“What happened during the second scan, Dancer?” Raiff asked him.
“The machine went crazy, I mean flat-out nuts. Sparks were flying in all directions, things popping and crackling. How does that jibe with your theory, Dr. Donati?”
“Well, not being a medical doctor, I couldn’t say for sure. I’d start from the fact that no such occurrence marked your first scan and that tells me something may have changed before the second one.”
“The leakage?” Alex barely managed to ask, as if afraid of the answer.
“More likely related to the effect exposure to such a powerful magnetic field had on the chip itself. It could be that the chip, being an organic entity, was simply defending itself against what it perceived to be a threat. That’s something of a stretch, but then so is everything else we’re facing here,” Donati finished, turning his gaze on Raiff as if to make his point. “And this leakage the first CT scan detected does not bode well for any number of reasons.”
“Like?” Sam asked, when Alex couldn’t bring himself to speak.
“I’m an astrobiologist and a physicist, not, as I just said, an MD—or a witch doctor. But the first thing I’d say is that the chip you’re carrying in your head may be killing you. And the second thing I’d say is that the degradation of the chip, as represented by the leakage, could mean it can no longer fulfill the purpose for which it was implanted inside you.”

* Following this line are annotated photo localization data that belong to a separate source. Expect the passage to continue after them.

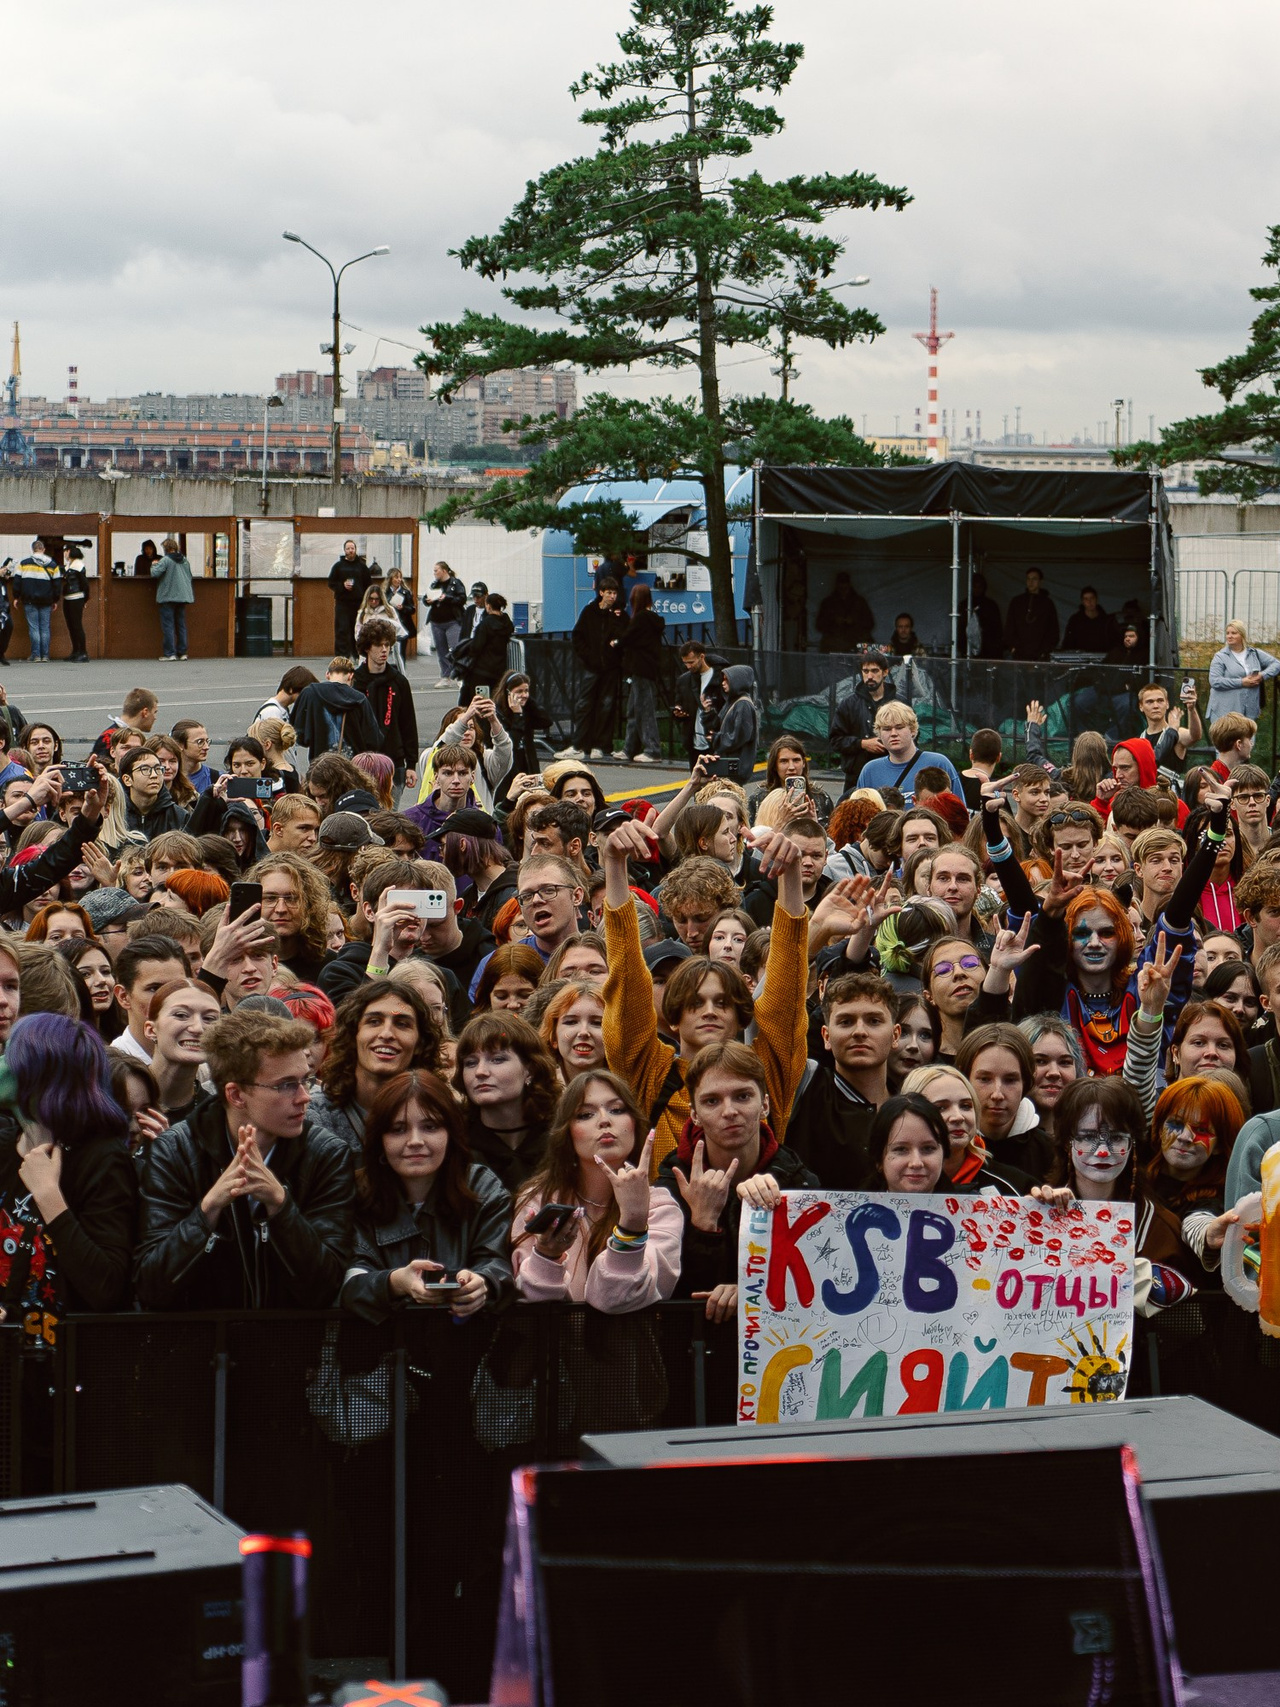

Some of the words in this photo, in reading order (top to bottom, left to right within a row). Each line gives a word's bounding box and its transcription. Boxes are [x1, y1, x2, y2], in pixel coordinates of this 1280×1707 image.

[749, 1205, 769, 1235] ГЕ
[746, 1240, 768, 1278] ТОТ
[766, 1195, 958, 1315] KSB
[996, 1268, 1118, 1317] ОТЦЫ
[739, 1383, 757, 1422] КТО
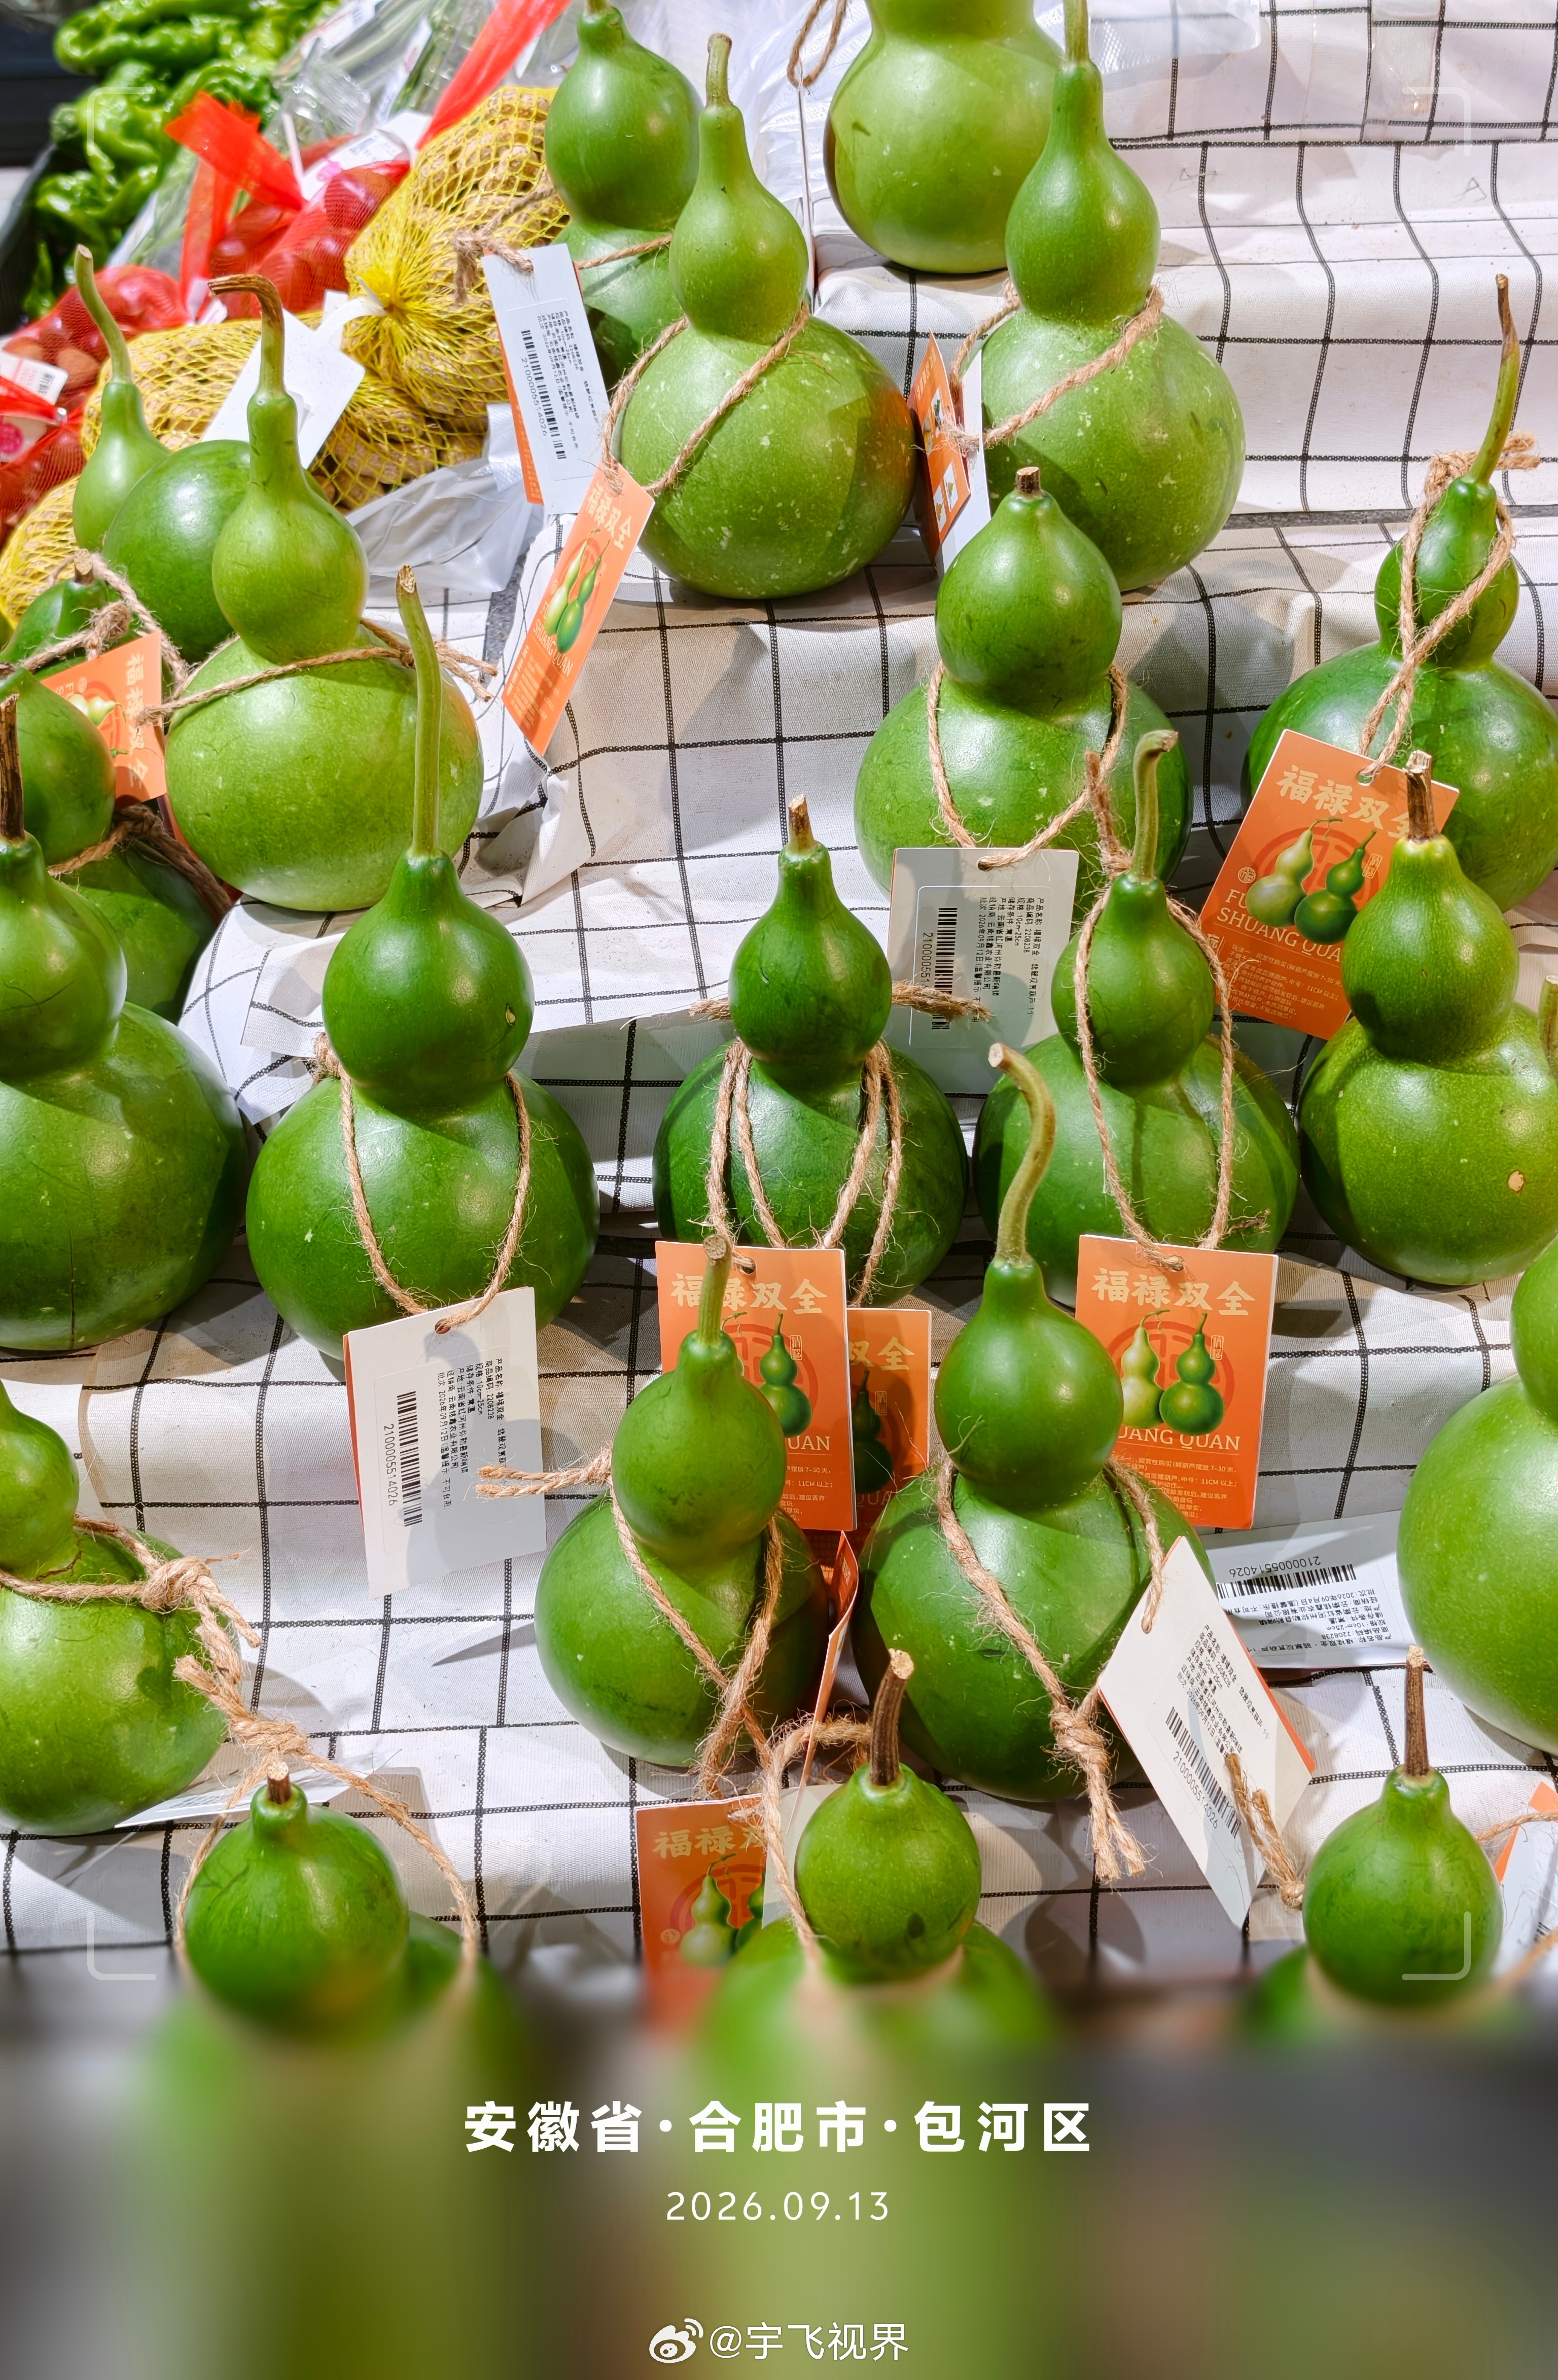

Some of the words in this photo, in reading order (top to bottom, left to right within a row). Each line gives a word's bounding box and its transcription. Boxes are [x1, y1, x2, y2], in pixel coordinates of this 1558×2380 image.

Alex looked toward Raiff. “You didn’t know anything about this chip?”
“Not until tonight, no.”
“And what’s your thinking now that you do?”
“That the intent was always to drain the information off it.”
“How, exactly?”
“Either through some kind of interface or…”
“Or what?” Alex prodded.
“Surgical excision,” Sam said, when Raiff hesitated.
“You mean open my head to get it out?” Alex exclaimed, his voice growing angry. “No way that’s happening, no way!”
“It may be your only chance to live if the leakage worsens, even in the slightest,” Donati interjected. “You’re carrying a foreign body around in your head that, organic or not, is spewing something that might ultimately be toxic. Radioactive, perhaps, or worse.”
“It’s a good thing you’re not an MD, Doctor,” Alex told him. “Because you’ve got a lousy bedside manner.”
“How about ‘radiation or something just as bad’?”
Alex shook his head and turned back to Raiff. “You’re supposed to be my Guardian. So what’s the playbook say for this?”
“To save your world, I’d have to find a way to transfer the information the chip is carrying. To save you, I’d have to find a way to get it out of your head.”
“But you can’t do both,” said Sam.
“I don’t know,” Raiff admitted. “With the technology available here, in this world, I just don’t know.”
“The devil’s alternative,” muttered Donati.
“In other words,” Alex said, face starting to tighten into a scowl before going utterly flat, “I’m totally screwed.”
“No,” Sam insisted stridently, when the others didn’t respond, “you’re not.”
“Huh?”
“Remember when you told me you never let the first tackler bring you down?”
“Sure, but what does that have to do with anything?”
“This is the first tackler.”
“No, the first tackler took down my parents, my mom and dad.”
Sam’s eyes searched his, as if they were alone, nothing and no one else mattering. “You said they might still be alive.”
“That’s what the ash man told me. I think he wanted to make a deal, maybe bring me to them if I stopped being a pain in his ass.”
Sam looked toward Raiff and Donati now. “Is it possible? Could they still be alive?”
“Alex just described a second encounter with an astral projection from millions of light-years away,” Donati noted. “I’d say that suggests we shouldn’t discount or dismiss anything whatsoever out of hand.”
“How’s your head feel now, Alex?” Raiff asked, sounding more like a parent.
“Not so bad.” Alex frowned. “Nothing I can’t handle.”
“One other thing,” Donati said suddenly, “if there’s some kind of invasion planned, if this enslavement is about to commence, they’ll have to open another wormhole, won’t they?”
Raiff nodded. “One way or another, yes.”
“Because, thanks to Dixon here, I think I know where they’re going to open it. I could be wrong, but—”
And that’s when the first explosions rocked the tour boat.
99
A SINKING SHIP
THE FIRST BLAST ROCKED the boat, left it teetering in the water. The second blast sent it listing heavily toward starboard, en route to toppling over.
Raiff had moved from his seat instinctively to protect Dancer, but the boy had already moved to grab Samantha just before she hit the floor, cushioning the blow enough to avoid any injury.